● Task to carry out:
Please reproduce all of the data exactly as it appears, but skip the pictures.

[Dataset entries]
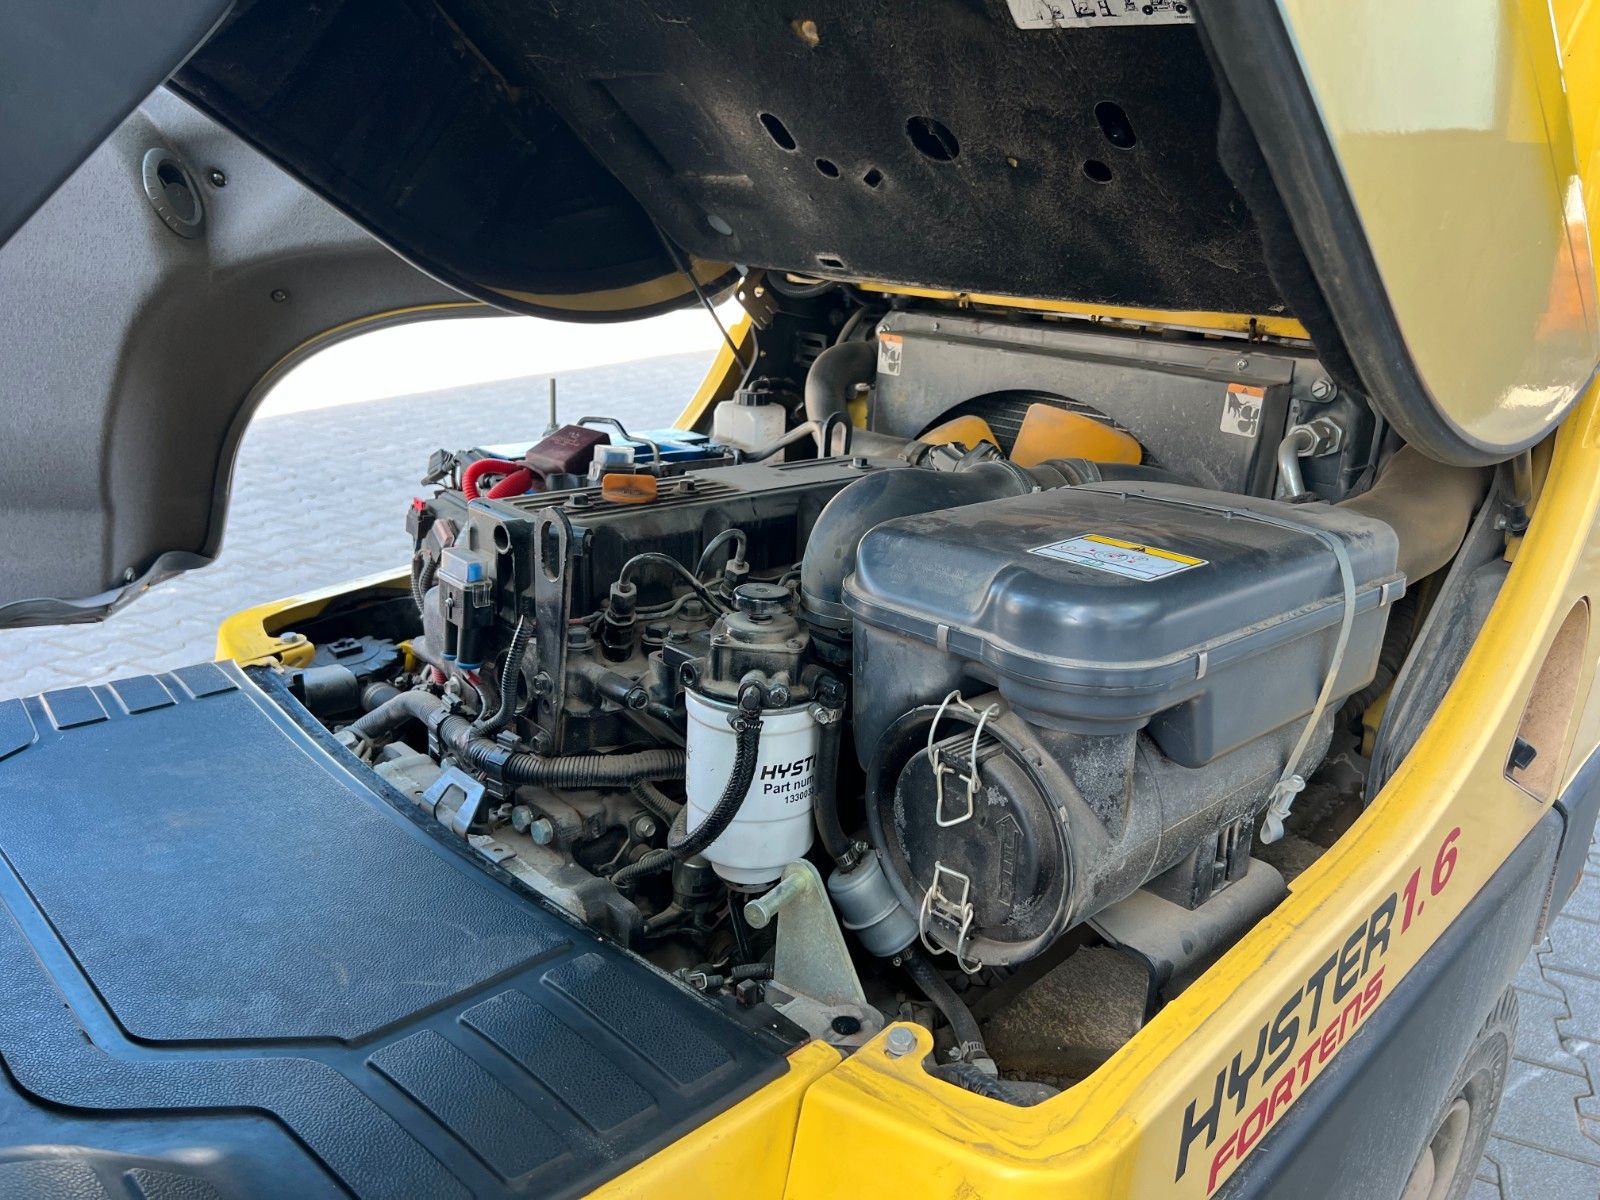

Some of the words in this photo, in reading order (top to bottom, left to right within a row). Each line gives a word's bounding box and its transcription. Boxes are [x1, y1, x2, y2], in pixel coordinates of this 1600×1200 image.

[760, 753, 817, 780] HYST
[763, 782, 790, 795] Part
[1175, 891, 1397, 1184] HYSTER
[1400, 827, 1461, 936] 1.6
[1206, 964, 1386, 1196] FORTENS

● Your response:
Some of the words in this photo, in reading order (top to bottom, left to right within a row). Each line gives a word's bounding box and its transcription. Boxes are [x1, y1, x2, y2], in pixel coordinates of this 1600×1200 image.

[760, 753, 817, 780] HYST
[763, 782, 790, 795] Part
[1175, 891, 1397, 1184] HYSTER
[1400, 827, 1461, 936] 1.6
[1206, 964, 1386, 1196] FORTENS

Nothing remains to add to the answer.